= How to complete this task =
Line by line, set down all the data below exactly, omitting any picture.

[Free-text object descriptions]
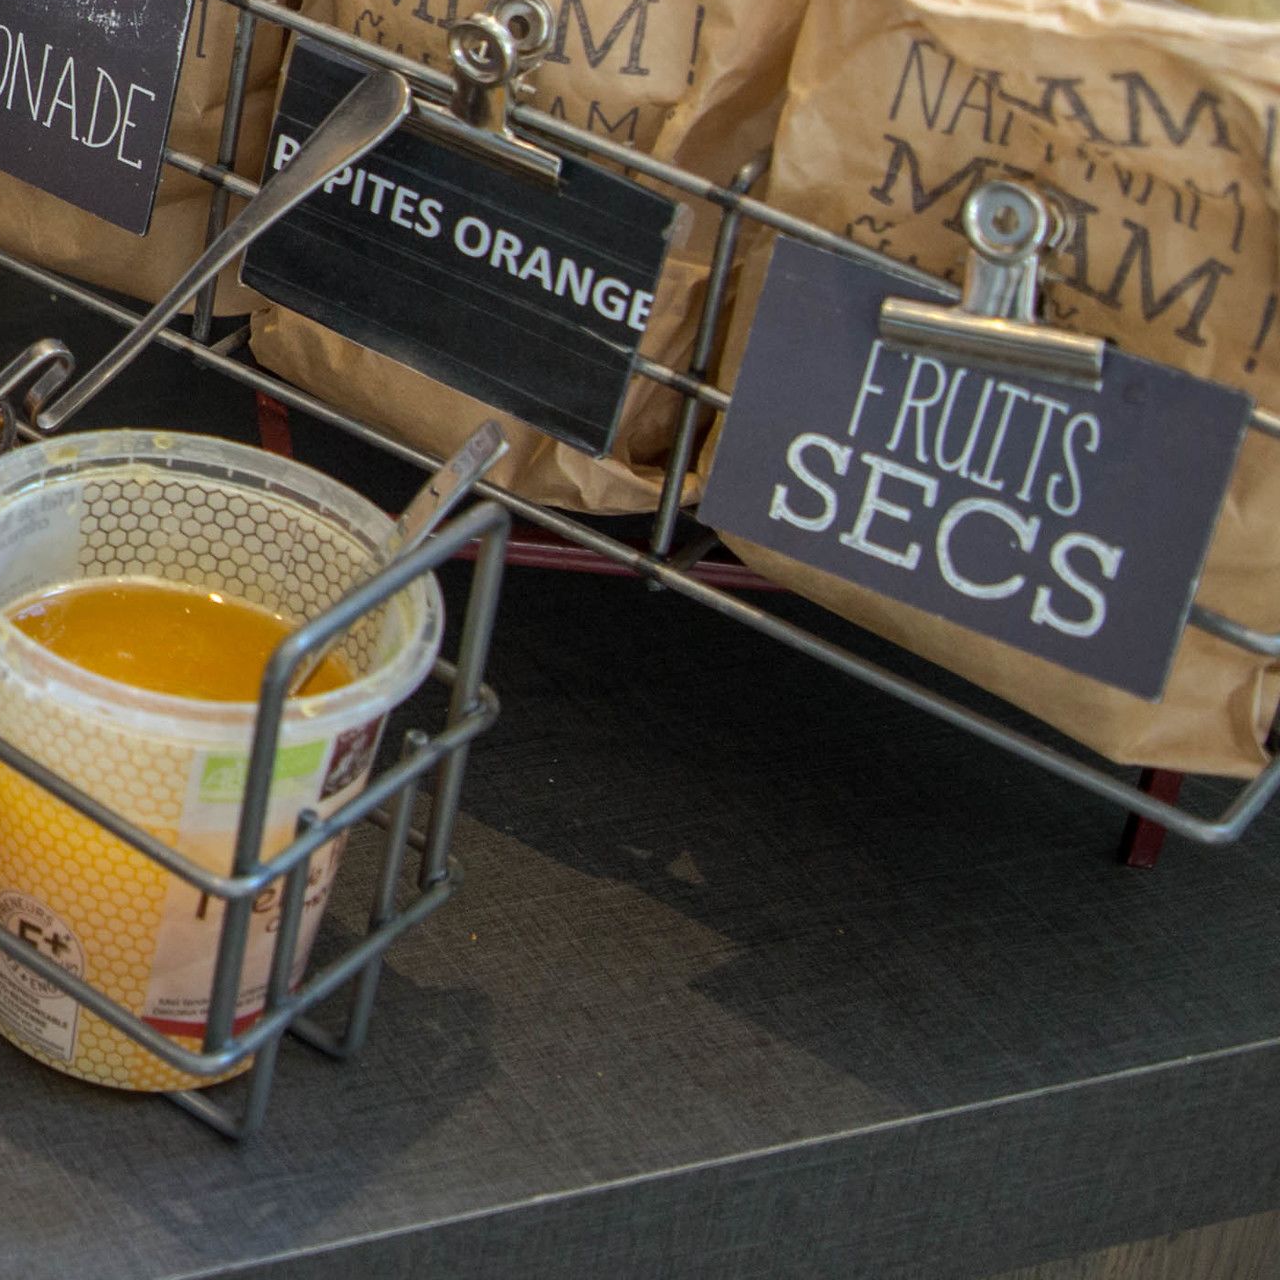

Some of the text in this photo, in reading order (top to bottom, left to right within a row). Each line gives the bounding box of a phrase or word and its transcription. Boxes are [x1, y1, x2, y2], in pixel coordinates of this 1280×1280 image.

[273, 133, 654, 332] PPITES ORANGE
[847, 339, 1101, 518] FRUITS
[769, 432, 1124, 639] SECS
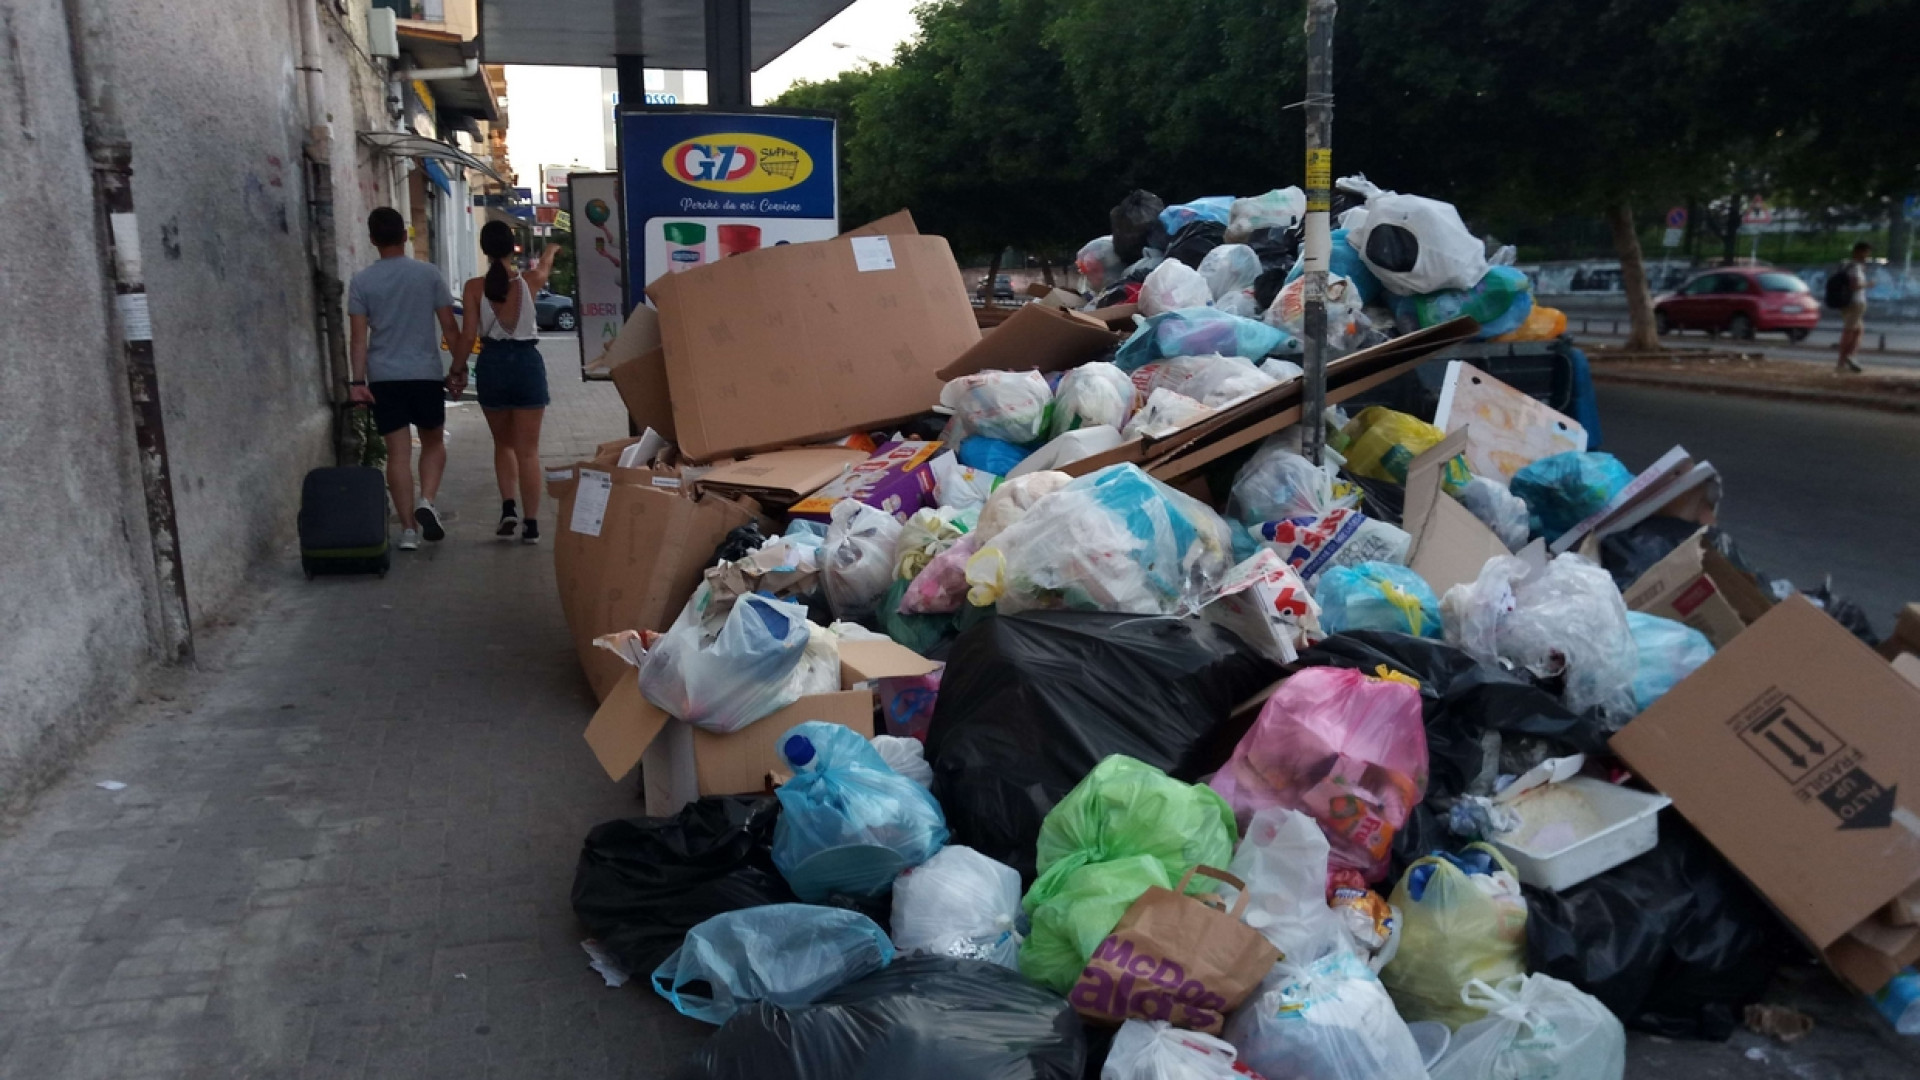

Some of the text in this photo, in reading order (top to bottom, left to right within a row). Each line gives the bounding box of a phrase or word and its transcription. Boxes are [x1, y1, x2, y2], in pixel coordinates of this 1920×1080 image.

[1794, 748, 1865, 803] FRAGILE
[1835, 778, 1857, 798] UP
[1840, 785, 1880, 819] ALTO

= Result of this exercise =
Some of the text in this photo, in reading order (top to bottom, left to right within a row). Each line gives the bounding box of a phrase or word and its transcription. Boxes are [x1, y1, x2, y2], in pixel coordinates of this 1280×1280 image.

[273, 133, 654, 332] PPITES ORANGE
[847, 339, 1101, 518] FRUITS
[769, 432, 1124, 639] SECS

Some of the text in this photo, in reading order (top to bottom, left to right within a row). Each line gives the bounding box of a phrase or word and its transcription. Boxes are [x1, y1, x2, y2], in pixel coordinates of this 1920×1080 image.

[1794, 748, 1865, 803] FRAGILE
[1835, 778, 1857, 798] UP
[1840, 785, 1880, 819] ALTO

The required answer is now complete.